Vor allem die Bauindustrie und Unternehmen mit einer hohen
Exportquote erwarten laut Wallau in den kommenden sechs Monaten
schlechtere Geschäfte. Insgesamt rechneten 39 Prozent der befragten
Unternehmen mit einer Abwärtsbewegung der Wirtschaft und begründeten
dies vor allem mit einer nachlassenden Nachfrage im Inland und
höheren Rohstoff- und Energiepreisen.

«Der Abschwung ist beim Mittelstand angekommen», betonte der
Vorsitzende des BDI-Mittelstandsausschusses, Arndt G. Kirchhoff.
Allerdings zeige die Umfrage, dass die Unternehmen gut vorbereitet
seien und in den vergangenen Jahren ihre Wettbewerbsfähigkeit
gestärkt hätten. Froh stimme ihn auch, dass es bislang noch nicht zum
Abbau von Arbeitsplätzen gekommen sei.

Der Herbstumfrage zufolge beurteilten die Befragten die
politischen Rahmenbedingungen deutlich negativer als noch im
Frühjahr. Viele erwarteten einen politischen Stillstand, sagte
Wallau. Derzeit stellten knapp 28 Prozent der Politik ein
«schlechtes/sehr schlechtes» Zeugnis aus. Die Aussichten für die
nächsten zwölf Monate bewerteten sogar fast 46 Prozent als «schlecht
oder sehr schlecht».

Kirchhoff zufolge muss der Staat eine Wachstumsoffensive starten.
Dazu gehöre ein für den Industriestandort Deutschland tragbarer
Kompromiss beim Emissionshandel sowie verstärkte Investitionen, ein
Bürokratieabbau sowie die Entlastung von Unternehmen und
Beschäftigten durch die Senkung der Lohnzusatzkosten.

Nach Angaben von Peter Englisch von der Beratungsfirma Ernst &
Young sollte über ein Rettungspaket für mittelständische Unternehmen
nachgedacht werden.
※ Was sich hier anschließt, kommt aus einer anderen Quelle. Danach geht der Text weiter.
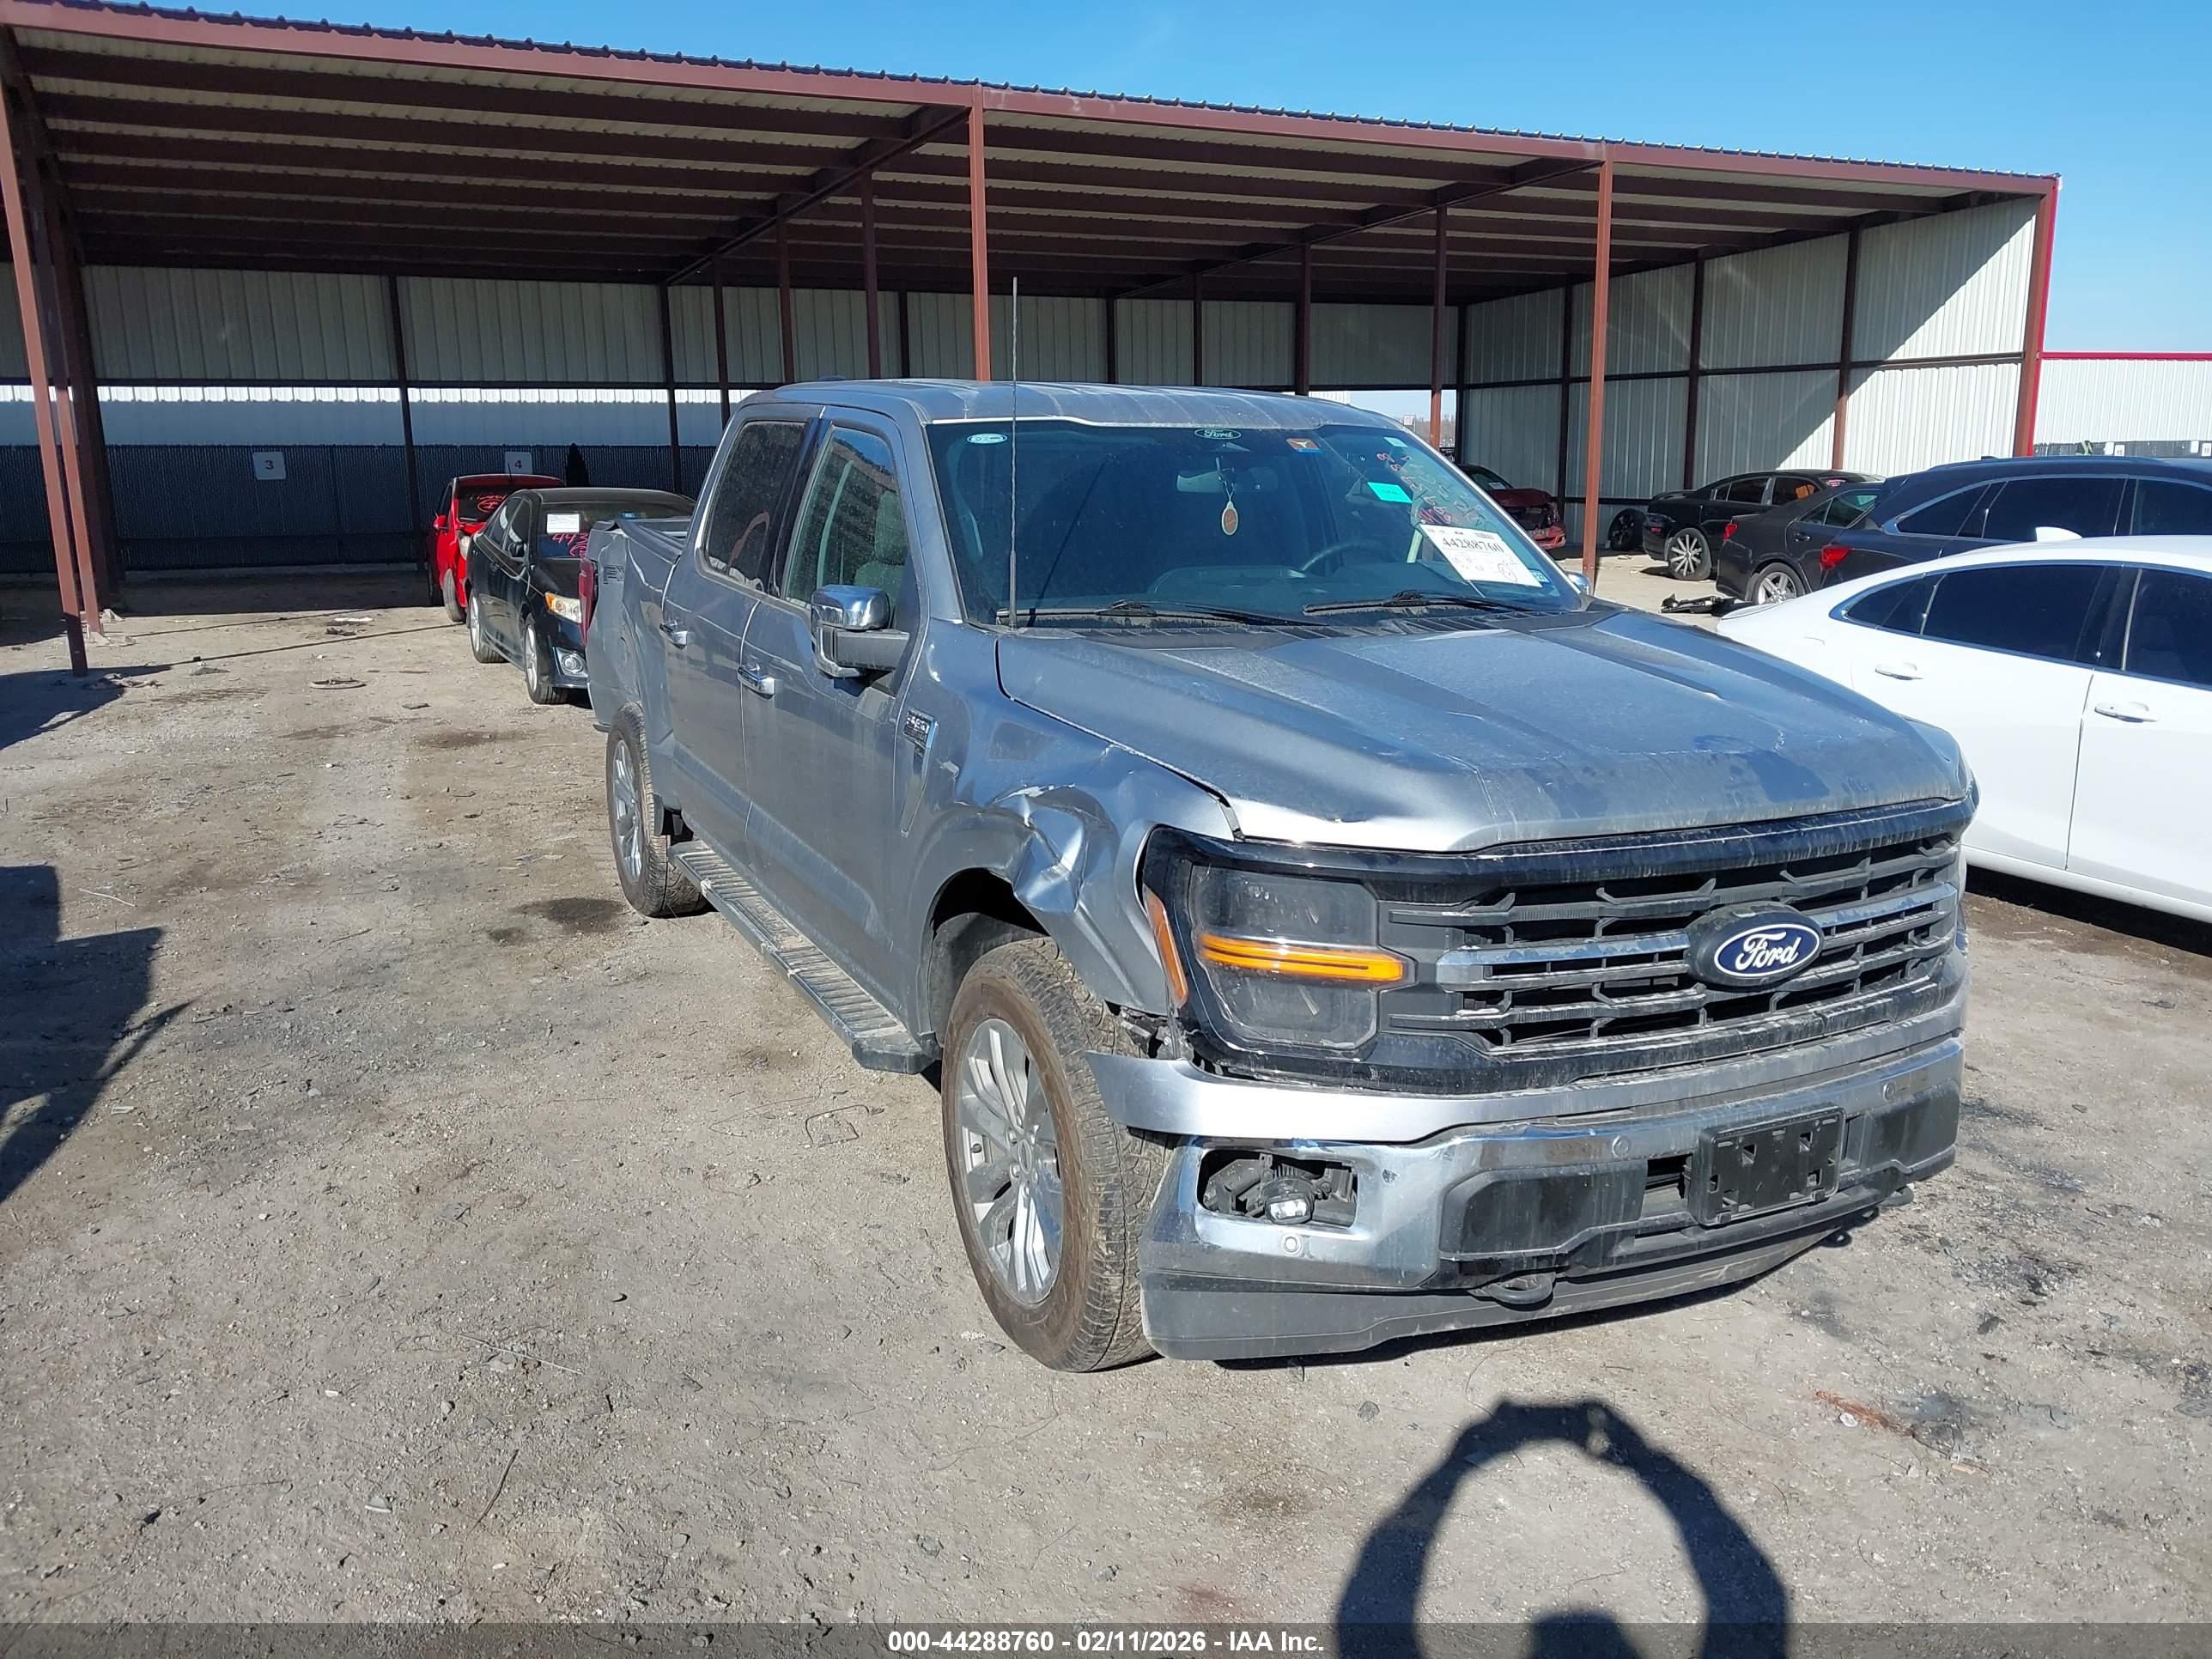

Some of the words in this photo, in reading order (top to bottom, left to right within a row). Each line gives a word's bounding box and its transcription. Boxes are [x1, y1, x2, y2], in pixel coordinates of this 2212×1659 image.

Besonders gefährdete Branchen seien die
Autoindustrie und damit verbundene Bereiche.

Der Chefvolkswirt der IKB Deutsche Industriebank, Kurt Demmer,
sagte: «Die Unternehmen stehen vor etlichen schwierigen Monaten und
auch Quartalen mit rückläufigen Umsätzen und rückläufigen Erträgen.
Die Zahl der Insolvenzen wird in einigen Branchen merklich zunehmen».